Exploring non-coding variation has been also proposed as a promising strategy to disentangle the genetic basis of complex diseases (114) such as, microRNAs (miRNAs). These are short, non-coding and single-strand RNA molecules that interact with different genomic elements and regulate gene expression at transcriptional level (148, 184, 194). Interestingly, these are involved in the regulation of the stability of immune cells and the intensity of inflammation (194). In fact, miRNAs have been proposed as potential non-invasive asthma biomarkers that could be used for asthma diagnosis (195, 196). However, although some authors have suggested the implication of miRNAs on asthma susceptibility, severity, and exacerbations (195, 197, 198), there is a lack of studies that have extensively evaluated their role in asthma (197) and further studies are needed (199).

Structural variation, including copy number variations (CNVs), has been proposed to account for part of the missing heritability of complex traits (114, 200). These involve large chromosomal segments such as, duplications or deletions with consequences on regulation of gene expression (201). It has been reported that CNVs comprise 2% of the total genetic variation (202) with effects on approximately 12% of the human genome (203). This type of variation is enriched within protein-coding genes with functions related to immune response, suggesting its implication on disorders with a significant immunological component such as, asthma (204, 205). Although structural variation has been implicated on asthma, these is an insufficient number of studies to date (206). Some have found strong evidence of association of CNVs with asthma susceptibility (206, 207). Although this type of variation might contribute to an accumulation of mutations and allergic sensitization, leading to an increase of asthma susceptibility, CNVs do not seem to be the initial trigger of asthma development (208).
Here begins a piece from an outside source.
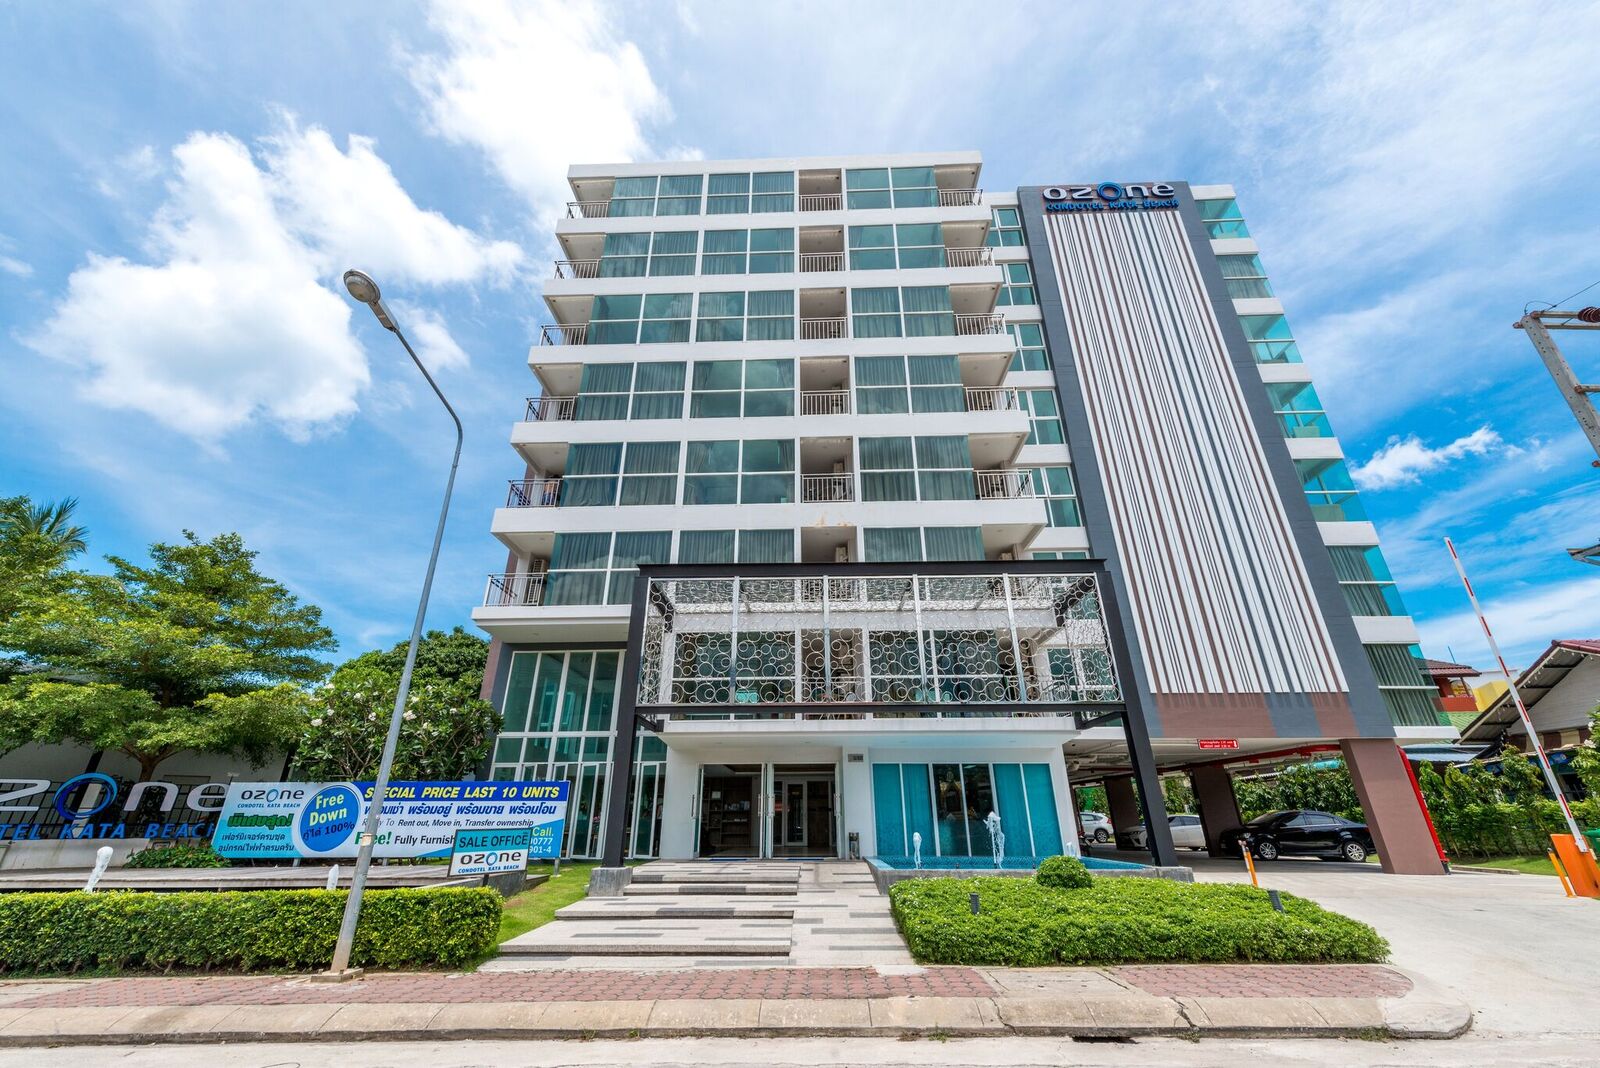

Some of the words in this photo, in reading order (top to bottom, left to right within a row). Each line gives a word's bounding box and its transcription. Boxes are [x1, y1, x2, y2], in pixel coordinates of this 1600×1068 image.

A substantial proportion of the genetic risk for common diseases could also be explained by variants that are at low frequency in the population (209, 210). The rarer the variant the more likely is for the variant to be population-specific (209, 210). Besides, the pathogenic potential of variants tends to accumulate in the lower range of allele frequency. Therefore, rare variants are more likely to be more structured in populations and to have larger effects on the disease (128, 209). As a corollary, rare variants will be underrepresented in reference datasets and, therefore, remain undetected by traditional GWAS. With this scenario in mind, many rare variants with large effects may be contributing to asthma and allergic diseases (128, 209, 211). However, their study will be only available for now applying sequencing-based methods instead of genotyping arrays. Irrespective of this, endogamous populations are especially appropriate to study the role of rare and low-frequency variation in asthma (210, 212) because rare pathogenic variants are predicted to increase their frequency in these populations (213, 214). Despite this, recent studies have also demonstrated the role of rare variants on recently admixed populations (209), whose inherent characteristics also increase the possibilities to uncover the contribution of rare and low-frequency variants on asthma (215).
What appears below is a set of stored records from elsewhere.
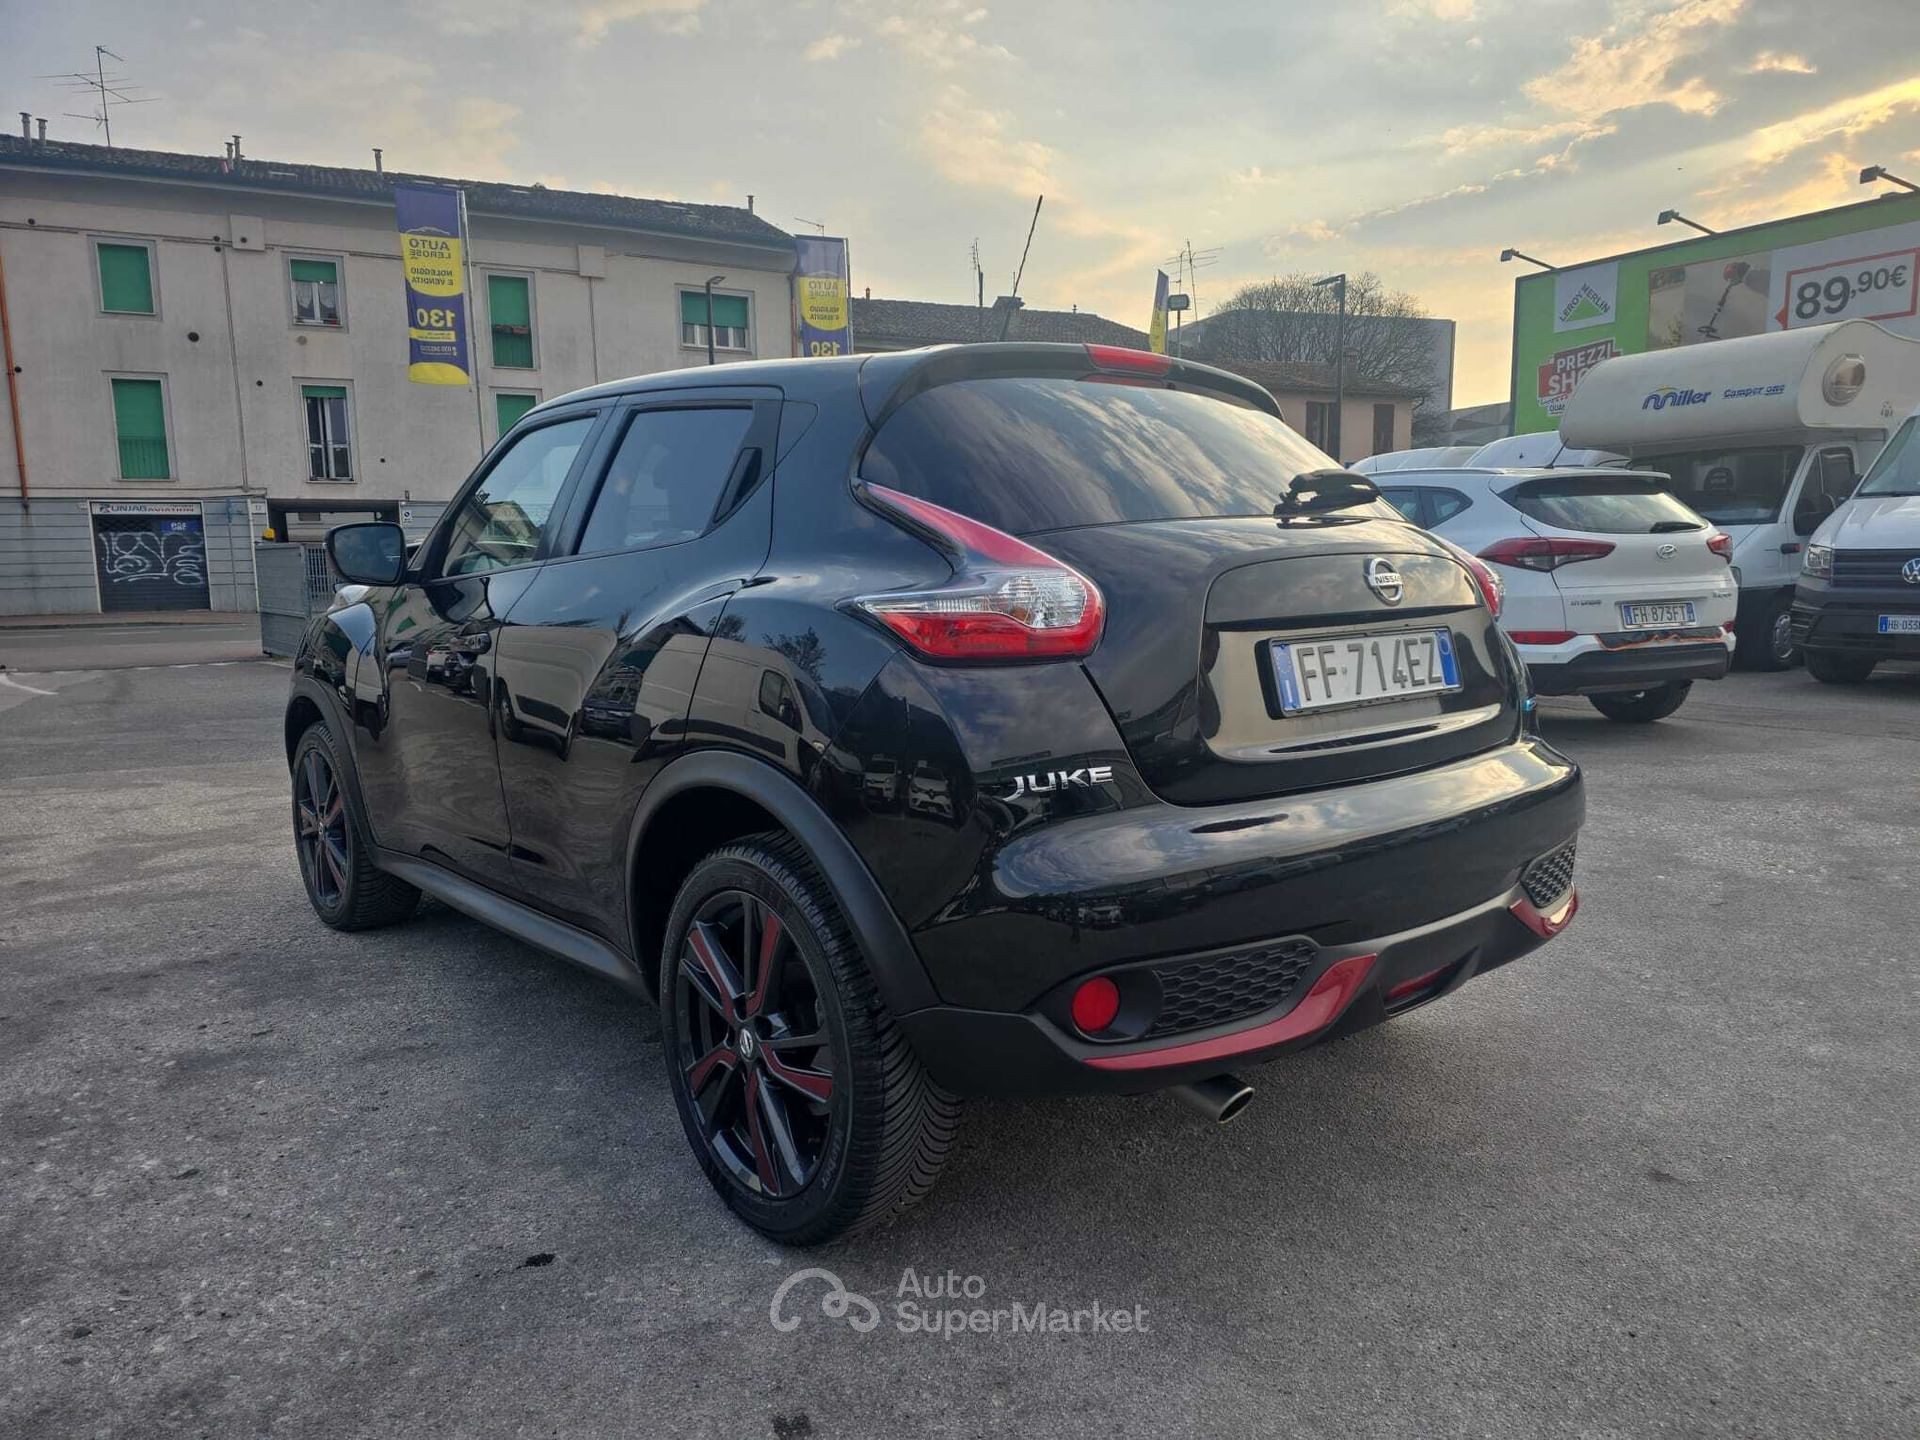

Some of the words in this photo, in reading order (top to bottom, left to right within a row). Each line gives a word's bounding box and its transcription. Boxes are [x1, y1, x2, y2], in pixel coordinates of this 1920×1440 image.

[1559, 290, 1583, 322] LEROY
[1581, 283, 1611, 314] MERLIN
[1795, 264, 1908, 320] 89,90€
[1557, 342, 1611, 373] PREZZI
[1902, 619, 1920, 631] 033
[1297, 644, 1337, 701] FF
[1347, 636, 1443, 695] 714EZ
[1002, 766, 1113, 802] JUKE
Predicted loss-of-function (pLoF) variants, which are likely involved in disrupting protein-coding genes, show significant scientific and clinical interest due to their utility for clinical interpretation of sequencing data. In fact, pLoF variants have been suggested to allow direct identification of causal genes (216) and provide direct mechanistic implications of association effects (217). Although this type of variation has been extensively unexplored for over decades (218), Emdin et al. have recently revealed the potential role of these variants in asthma (217). They found evidence of association of pLoF variants located at well-known IL33 and GSDMB asthma loci with lower risk of both asthma and allergic rhinitis (217). Interestingly, similar results have been found for protein-truncating variants in IL33 and GSDMB (219). These have been predicted to shorten the coding sequence by inducing loss or gain-of-function effects (220). These findings also suggested that exploration of either pLoFs or protein-truncating variants could be another powerful tool for the identification of novel therapies for asthma (217, 219).

As mentioned, the main reason for the scarce evaluation of these types of genetic variation in asthma could be attributed to the fact that research strategies on asthma genetics have focused on using SNP genotyping platforms, which are suboptimal for inferring CNVs, and do not capture rare or pLoF variants (23, 29, 114, 125), as these would be optimally detected by means of sequencing approaches. Given that simultaneous sequencing of millions of small DNA fragments is currently possible at great speed and relatively low cost thanks to large improvements in next-generation sequencing (NGS) technologies (221, 222), the interest on the impact of these types of genetic variation in asthma will continue to rise.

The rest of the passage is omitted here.